DIRECTIONS:
Pictures aside, the data must be reproduced exactly.

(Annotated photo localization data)
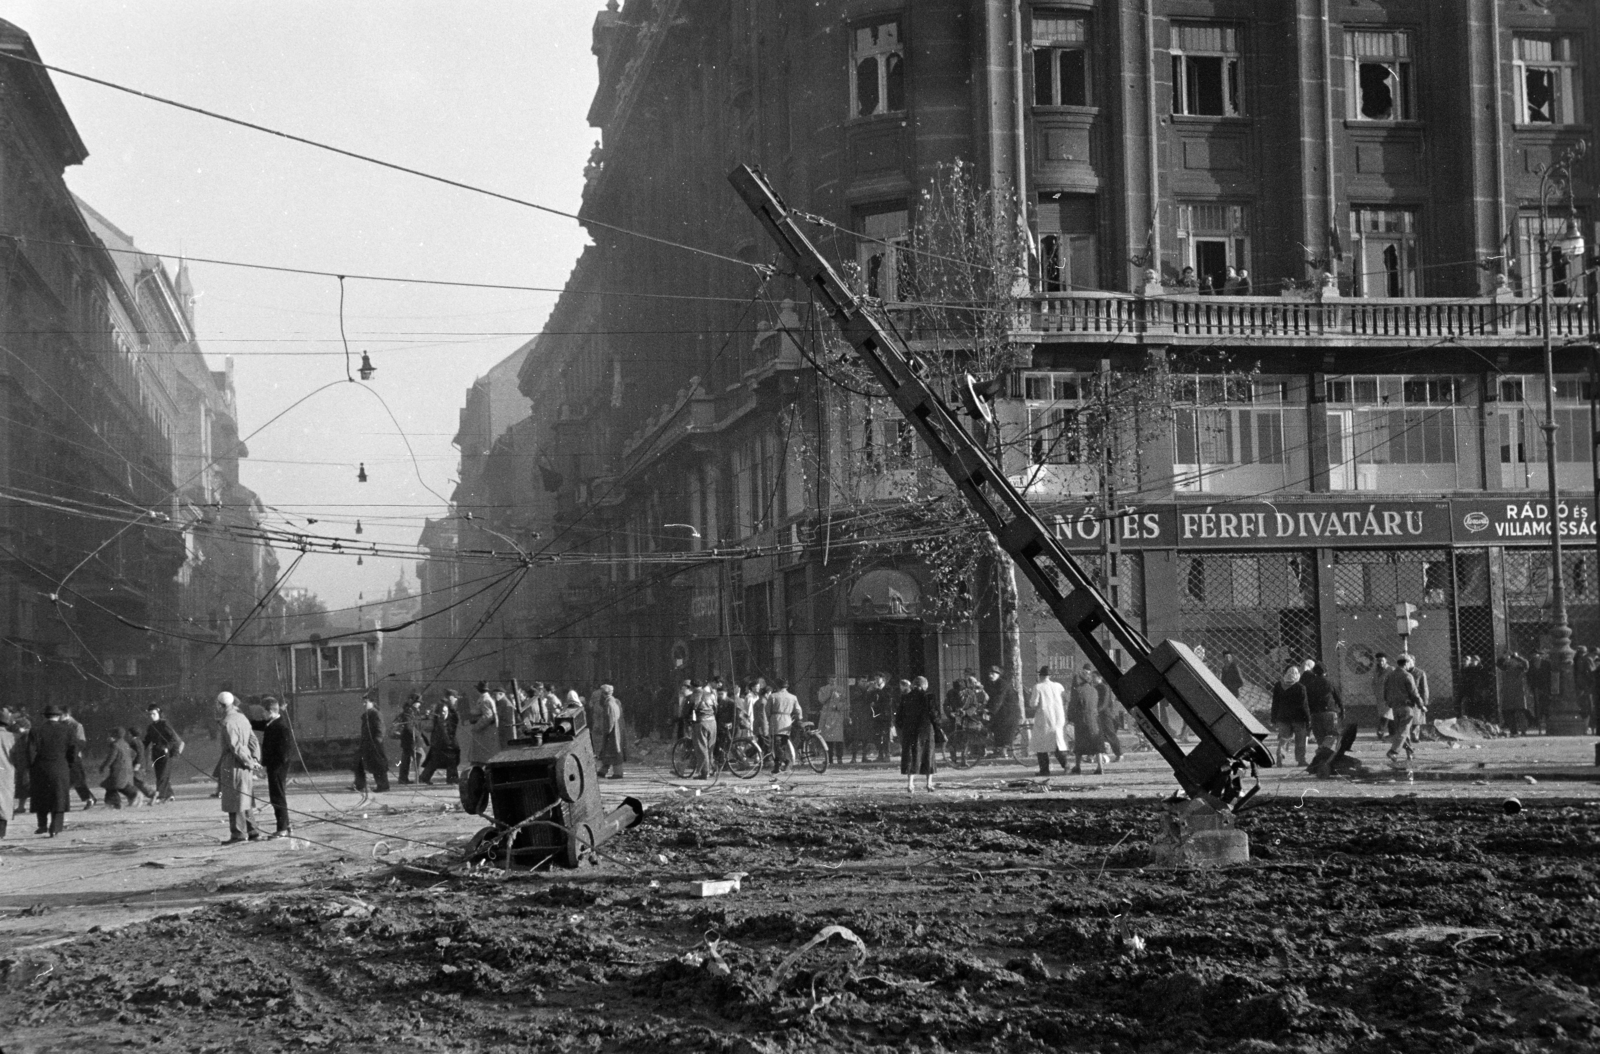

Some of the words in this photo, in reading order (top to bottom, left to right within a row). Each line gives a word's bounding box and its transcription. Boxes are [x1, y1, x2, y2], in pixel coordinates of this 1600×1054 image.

[1053, 506, 1110, 540] NŐ
[1122, 505, 1161, 540] ÉS
[1182, 506, 1268, 539] FÉRFI
[1275, 504, 1424, 538] DIVATÁRU
[1506, 500, 1569, 520] RÁDÓ
[1573, 504, 1588, 518] ÉS

ANSWER SPACE:
Some of the words in this photo, in reading order (top to bottom, left to right within a row). Each line gives a word's bounding box and its transcription. Boxes are [x1, y1, x2, y2], in pixel coordinates of this 1600×1054 image.

[1053, 506, 1110, 540] NŐ
[1122, 505, 1161, 540] ÉS
[1182, 506, 1268, 539] FÉRFI
[1275, 504, 1424, 538] DIVATÁRU
[1506, 500, 1569, 520] RÁDÓ
[1573, 504, 1588, 518] ÉS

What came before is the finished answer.